Produced by: John Sinno & Longley.
Edited by: Billy McMillin, Fiona Otway & Longley.
Released by: Typecast Releasing in association with HBO Documentary Films.
Language: Arabic & Kurdish with English subtitles.
Country of Origin: USA. 94 min. Not Rated.

Impressions of Iraq is more like it. Assuming the country’s eventually partitioning, director James Longley splits the country into three perspectives: Sunni, Shiite, and Kurd. Not strictly cinema vérité, the sped-up sequences, jump cuts, and the rapid-fire editing convey a sense of chaos, as if that’s necessary. One of the film’s most compelling sequences occurs as the camera simply records an incident of Iraqi street justice – a market rampage, in which the Mehdi Army, the masked militia of Shiite cleric Moqtada Sadr, search for, club, and then kidnap venders for selling alcohol.

But much of what is captured will be familiar for viewers of Frontline or other recent documentaries. The closest to a vivid representation, rather than a generalization, is seen in the bookending segments. In the first, shy eleven-year-old Mohammed provides for his mother and grandmother as the errand boy and mechanic for a despotic father figure. His real father, a police lieutenant, has been missing since Saddam Hussein was still in power. Four years behind other kids his age in school, he barely reads and writes. In his quavering voiceover, the boy professes he is loved by his boss. After all, he doesn’t beat him, but this assumption is steadily undermined.

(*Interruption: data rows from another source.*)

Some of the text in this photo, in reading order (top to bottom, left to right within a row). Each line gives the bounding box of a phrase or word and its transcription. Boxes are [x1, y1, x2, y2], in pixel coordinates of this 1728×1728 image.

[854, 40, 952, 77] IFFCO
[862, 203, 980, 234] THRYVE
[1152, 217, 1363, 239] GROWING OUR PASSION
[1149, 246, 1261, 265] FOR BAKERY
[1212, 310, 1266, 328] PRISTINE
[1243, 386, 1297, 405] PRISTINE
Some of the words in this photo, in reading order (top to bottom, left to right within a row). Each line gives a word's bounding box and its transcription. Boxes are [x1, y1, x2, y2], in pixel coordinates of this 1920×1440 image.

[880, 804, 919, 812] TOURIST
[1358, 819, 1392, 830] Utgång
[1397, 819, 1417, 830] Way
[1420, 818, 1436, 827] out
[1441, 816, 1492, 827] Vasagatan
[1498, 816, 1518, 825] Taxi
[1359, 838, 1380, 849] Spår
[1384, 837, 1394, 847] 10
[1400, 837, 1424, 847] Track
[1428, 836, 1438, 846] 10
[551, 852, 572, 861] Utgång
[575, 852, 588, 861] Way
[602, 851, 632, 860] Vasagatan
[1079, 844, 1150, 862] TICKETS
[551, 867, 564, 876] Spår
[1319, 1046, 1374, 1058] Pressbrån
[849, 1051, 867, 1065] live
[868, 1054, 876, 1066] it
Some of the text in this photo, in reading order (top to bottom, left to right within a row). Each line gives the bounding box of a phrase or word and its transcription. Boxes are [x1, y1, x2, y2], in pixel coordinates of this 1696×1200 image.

In the rural Kurdish North, Longley follows another pre-teen boy, the blond Suleiman, who wants to be doctor. Far removed from the daily skirmishes, Suleiman seems intimated by the demands of school, and like Mohammed, abandons his education so he can work full-time as a shepherd and brick maker. The film relies on both of boys’ points of view, but because they are only kids, they don’t have the perspective or the detachment to offer a broader view of their lives or Iraq’s future. Besides Suleiman’s elderly father, no other family members are shown.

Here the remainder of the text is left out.